REQUIREMENT
Go to the line containing "this 2000×1500 image." and return it and each line after it exactly, through the end of the data below, and nothing more.

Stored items
--- --- ---

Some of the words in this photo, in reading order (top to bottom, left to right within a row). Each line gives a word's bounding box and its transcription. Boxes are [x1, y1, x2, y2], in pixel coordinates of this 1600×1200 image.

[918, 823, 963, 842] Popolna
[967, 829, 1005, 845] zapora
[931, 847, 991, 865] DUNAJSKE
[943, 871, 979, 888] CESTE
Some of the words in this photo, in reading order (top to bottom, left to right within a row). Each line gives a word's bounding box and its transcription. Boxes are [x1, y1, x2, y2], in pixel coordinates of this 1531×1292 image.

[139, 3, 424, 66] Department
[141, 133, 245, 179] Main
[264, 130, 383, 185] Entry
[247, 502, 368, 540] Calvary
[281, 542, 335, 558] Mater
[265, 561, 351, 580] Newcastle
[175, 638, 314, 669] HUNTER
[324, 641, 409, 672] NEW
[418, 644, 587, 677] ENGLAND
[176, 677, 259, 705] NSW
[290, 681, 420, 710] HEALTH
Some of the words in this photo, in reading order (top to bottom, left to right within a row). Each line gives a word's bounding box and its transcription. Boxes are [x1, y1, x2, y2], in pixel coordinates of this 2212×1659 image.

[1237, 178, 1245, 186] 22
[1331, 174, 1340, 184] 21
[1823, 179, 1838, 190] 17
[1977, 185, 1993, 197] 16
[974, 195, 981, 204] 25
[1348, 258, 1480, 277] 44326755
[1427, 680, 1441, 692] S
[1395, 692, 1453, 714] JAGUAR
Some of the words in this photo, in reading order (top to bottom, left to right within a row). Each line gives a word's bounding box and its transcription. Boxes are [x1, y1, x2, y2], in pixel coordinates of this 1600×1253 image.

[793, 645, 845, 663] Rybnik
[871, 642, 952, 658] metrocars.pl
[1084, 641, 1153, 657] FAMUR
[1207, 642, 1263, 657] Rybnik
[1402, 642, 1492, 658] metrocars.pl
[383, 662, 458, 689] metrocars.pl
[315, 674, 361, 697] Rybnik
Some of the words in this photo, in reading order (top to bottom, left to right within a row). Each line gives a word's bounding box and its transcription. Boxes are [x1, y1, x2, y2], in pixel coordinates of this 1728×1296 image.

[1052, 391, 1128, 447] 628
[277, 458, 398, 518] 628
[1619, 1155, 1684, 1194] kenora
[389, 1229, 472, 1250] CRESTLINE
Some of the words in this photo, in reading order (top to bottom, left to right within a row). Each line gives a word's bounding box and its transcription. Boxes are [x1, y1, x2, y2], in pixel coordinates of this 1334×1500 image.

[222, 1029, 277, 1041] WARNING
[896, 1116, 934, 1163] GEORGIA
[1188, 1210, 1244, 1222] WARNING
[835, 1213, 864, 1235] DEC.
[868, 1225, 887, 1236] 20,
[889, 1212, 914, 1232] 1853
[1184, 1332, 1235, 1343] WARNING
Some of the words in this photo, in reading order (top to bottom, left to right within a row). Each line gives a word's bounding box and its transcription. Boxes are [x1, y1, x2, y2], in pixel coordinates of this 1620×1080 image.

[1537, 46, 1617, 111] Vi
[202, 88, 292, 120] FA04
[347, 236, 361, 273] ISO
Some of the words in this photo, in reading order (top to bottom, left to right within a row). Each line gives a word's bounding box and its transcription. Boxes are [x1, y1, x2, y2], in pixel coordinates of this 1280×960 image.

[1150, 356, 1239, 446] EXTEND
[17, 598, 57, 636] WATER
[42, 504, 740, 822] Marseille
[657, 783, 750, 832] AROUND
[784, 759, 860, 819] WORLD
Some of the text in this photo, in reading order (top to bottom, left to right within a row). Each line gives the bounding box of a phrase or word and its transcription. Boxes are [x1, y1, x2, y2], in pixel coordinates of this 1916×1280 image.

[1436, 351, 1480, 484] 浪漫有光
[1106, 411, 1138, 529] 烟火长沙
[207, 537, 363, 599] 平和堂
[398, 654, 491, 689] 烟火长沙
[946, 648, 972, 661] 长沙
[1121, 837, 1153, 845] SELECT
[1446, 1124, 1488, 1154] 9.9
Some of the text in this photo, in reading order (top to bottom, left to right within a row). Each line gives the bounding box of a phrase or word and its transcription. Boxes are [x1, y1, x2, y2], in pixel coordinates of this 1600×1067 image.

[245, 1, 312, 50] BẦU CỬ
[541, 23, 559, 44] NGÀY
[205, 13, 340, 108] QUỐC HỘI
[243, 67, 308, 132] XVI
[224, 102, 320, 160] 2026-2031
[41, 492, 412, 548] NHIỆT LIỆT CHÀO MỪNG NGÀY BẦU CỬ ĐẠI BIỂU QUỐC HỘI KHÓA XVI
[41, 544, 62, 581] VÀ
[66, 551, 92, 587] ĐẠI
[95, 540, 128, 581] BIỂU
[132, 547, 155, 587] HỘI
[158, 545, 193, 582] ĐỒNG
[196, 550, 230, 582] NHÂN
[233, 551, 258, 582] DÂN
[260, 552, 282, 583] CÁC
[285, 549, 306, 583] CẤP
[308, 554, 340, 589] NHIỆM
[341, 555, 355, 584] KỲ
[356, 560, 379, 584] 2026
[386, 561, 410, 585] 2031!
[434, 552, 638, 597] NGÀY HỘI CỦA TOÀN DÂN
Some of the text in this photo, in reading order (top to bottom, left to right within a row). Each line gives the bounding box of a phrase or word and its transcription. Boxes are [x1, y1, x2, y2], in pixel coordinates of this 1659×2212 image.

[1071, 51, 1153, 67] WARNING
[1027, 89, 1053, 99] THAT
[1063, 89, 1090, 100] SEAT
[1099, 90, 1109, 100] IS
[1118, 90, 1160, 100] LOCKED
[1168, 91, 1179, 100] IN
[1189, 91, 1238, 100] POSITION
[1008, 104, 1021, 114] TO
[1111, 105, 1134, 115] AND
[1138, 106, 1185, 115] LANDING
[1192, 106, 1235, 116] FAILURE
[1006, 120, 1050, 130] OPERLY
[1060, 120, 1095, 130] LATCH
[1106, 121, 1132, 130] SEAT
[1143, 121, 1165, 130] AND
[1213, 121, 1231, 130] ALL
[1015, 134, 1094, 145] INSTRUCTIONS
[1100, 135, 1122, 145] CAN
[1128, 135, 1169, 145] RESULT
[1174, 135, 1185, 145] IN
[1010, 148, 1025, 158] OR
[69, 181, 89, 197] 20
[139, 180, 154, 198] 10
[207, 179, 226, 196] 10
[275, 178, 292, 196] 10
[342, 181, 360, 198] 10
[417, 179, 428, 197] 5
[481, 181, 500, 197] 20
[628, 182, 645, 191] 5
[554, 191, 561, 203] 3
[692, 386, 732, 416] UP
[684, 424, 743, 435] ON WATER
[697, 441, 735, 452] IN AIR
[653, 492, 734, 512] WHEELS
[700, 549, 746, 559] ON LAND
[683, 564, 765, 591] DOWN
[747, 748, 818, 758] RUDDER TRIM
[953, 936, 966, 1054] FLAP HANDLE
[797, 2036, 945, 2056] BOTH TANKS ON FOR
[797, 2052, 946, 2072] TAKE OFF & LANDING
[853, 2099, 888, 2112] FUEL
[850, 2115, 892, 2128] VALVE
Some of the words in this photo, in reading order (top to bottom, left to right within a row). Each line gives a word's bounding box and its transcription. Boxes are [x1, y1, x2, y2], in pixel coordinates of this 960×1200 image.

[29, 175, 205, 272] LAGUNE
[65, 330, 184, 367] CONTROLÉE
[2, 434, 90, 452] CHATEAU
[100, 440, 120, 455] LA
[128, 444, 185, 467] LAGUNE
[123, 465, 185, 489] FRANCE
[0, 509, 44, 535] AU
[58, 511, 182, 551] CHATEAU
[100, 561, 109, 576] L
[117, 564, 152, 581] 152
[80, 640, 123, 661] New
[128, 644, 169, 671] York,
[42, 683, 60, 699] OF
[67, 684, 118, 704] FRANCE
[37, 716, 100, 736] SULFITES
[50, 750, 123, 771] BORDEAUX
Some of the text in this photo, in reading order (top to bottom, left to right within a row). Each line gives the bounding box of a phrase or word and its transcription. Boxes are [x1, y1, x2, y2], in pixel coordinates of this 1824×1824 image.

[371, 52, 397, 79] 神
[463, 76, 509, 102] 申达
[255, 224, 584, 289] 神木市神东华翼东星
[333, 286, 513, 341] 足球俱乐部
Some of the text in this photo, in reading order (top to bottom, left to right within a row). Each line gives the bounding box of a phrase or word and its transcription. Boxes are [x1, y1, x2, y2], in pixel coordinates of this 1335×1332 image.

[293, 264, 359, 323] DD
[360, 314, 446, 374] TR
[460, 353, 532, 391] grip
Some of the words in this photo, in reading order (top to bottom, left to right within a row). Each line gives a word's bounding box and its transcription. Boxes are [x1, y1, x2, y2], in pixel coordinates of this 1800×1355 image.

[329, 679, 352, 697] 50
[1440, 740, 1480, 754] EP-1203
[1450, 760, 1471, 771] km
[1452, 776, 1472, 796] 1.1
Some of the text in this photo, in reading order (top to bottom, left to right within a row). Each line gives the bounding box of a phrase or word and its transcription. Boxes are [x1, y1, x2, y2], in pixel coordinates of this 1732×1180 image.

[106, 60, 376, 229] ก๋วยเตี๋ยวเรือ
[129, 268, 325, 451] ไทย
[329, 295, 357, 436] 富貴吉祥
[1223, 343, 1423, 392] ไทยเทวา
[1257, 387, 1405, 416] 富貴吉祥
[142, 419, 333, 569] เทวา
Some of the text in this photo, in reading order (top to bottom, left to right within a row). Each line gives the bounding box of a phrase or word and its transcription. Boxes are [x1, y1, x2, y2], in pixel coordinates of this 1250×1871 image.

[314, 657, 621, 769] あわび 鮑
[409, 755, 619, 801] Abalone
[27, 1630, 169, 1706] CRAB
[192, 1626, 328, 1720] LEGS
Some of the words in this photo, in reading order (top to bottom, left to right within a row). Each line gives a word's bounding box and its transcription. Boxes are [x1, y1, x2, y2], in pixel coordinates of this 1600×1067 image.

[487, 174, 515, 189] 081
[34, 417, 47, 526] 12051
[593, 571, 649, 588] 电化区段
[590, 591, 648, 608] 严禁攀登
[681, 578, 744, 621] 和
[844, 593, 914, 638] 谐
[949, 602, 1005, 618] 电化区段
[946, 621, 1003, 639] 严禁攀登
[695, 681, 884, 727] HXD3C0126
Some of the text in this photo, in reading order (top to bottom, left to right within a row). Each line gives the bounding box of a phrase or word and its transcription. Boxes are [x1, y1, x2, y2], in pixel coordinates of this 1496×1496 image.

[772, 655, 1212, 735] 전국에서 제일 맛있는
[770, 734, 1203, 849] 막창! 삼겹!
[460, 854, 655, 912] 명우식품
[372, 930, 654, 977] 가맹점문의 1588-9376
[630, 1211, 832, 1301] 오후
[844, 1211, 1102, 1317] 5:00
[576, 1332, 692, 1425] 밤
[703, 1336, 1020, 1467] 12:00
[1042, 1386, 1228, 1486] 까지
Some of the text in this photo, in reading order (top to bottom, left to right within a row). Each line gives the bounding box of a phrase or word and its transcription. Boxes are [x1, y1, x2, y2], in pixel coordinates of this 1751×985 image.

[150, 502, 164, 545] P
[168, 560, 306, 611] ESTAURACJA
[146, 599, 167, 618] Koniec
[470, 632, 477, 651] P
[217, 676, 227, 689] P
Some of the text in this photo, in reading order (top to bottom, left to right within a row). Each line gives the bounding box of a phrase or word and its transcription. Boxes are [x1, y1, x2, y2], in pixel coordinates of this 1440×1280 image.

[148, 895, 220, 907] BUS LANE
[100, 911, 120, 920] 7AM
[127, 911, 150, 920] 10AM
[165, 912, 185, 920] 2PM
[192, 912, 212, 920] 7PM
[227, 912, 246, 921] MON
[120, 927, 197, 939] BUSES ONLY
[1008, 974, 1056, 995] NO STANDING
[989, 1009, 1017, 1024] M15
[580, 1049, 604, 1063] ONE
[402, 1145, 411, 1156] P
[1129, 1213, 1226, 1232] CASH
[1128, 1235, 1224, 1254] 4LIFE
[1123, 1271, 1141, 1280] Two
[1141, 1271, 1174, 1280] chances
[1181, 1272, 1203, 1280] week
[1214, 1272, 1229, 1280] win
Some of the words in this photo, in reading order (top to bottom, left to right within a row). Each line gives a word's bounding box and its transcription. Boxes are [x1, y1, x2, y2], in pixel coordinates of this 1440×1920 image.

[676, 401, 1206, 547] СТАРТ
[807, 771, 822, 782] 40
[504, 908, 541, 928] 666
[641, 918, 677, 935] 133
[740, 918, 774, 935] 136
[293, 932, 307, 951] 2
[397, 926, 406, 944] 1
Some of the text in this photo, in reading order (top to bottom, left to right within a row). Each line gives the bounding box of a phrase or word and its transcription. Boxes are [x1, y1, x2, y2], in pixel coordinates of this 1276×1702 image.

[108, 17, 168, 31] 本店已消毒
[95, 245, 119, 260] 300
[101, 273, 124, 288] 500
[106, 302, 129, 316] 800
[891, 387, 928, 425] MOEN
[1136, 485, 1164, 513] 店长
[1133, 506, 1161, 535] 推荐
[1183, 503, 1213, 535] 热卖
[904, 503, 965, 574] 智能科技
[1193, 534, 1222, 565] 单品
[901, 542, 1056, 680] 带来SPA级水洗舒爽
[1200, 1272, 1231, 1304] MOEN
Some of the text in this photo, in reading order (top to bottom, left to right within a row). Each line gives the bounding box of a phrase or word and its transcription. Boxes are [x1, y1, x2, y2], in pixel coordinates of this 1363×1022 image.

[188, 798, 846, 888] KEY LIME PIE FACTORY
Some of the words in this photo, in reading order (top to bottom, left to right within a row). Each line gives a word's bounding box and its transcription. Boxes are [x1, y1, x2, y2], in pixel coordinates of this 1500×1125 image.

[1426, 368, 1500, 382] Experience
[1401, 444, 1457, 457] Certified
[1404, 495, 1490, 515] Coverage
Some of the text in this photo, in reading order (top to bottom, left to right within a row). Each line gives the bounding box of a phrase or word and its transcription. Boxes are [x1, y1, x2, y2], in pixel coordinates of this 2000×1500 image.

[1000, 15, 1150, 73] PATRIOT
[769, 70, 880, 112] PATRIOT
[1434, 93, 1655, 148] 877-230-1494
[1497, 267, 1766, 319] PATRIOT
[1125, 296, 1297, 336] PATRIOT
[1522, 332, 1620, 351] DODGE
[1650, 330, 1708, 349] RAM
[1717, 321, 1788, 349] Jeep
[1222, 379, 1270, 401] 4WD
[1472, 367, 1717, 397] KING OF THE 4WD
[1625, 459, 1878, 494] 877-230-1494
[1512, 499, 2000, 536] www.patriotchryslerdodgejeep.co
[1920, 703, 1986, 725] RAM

--- --- ---

TASK RESULT
Some of the text in this photo, in reading order (top to bottom, left to right within a row). Each line gives the bounding box of a phrase or word and its transcription. Boxes are [x1, y1, x2, y2], in pixel coordinates of this 2000×1500 image.

[1000, 15, 1150, 73] PATRIOT
[769, 70, 880, 112] PATRIOT
[1434, 93, 1655, 148] 877-230-1494
[1497, 267, 1766, 319] PATRIOT
[1125, 296, 1297, 336] PATRIOT
[1522, 332, 1620, 351] DODGE
[1650, 330, 1708, 349] RAM
[1717, 321, 1788, 349] Jeep
[1222, 379, 1270, 401] 4WD
[1472, 367, 1717, 397] KING OF THE 4WD
[1625, 459, 1878, 494] 877-230-1494
[1512, 499, 2000, 536] www.patriotchryslerdodgejeep.co
[1920, 703, 1986, 725] RAM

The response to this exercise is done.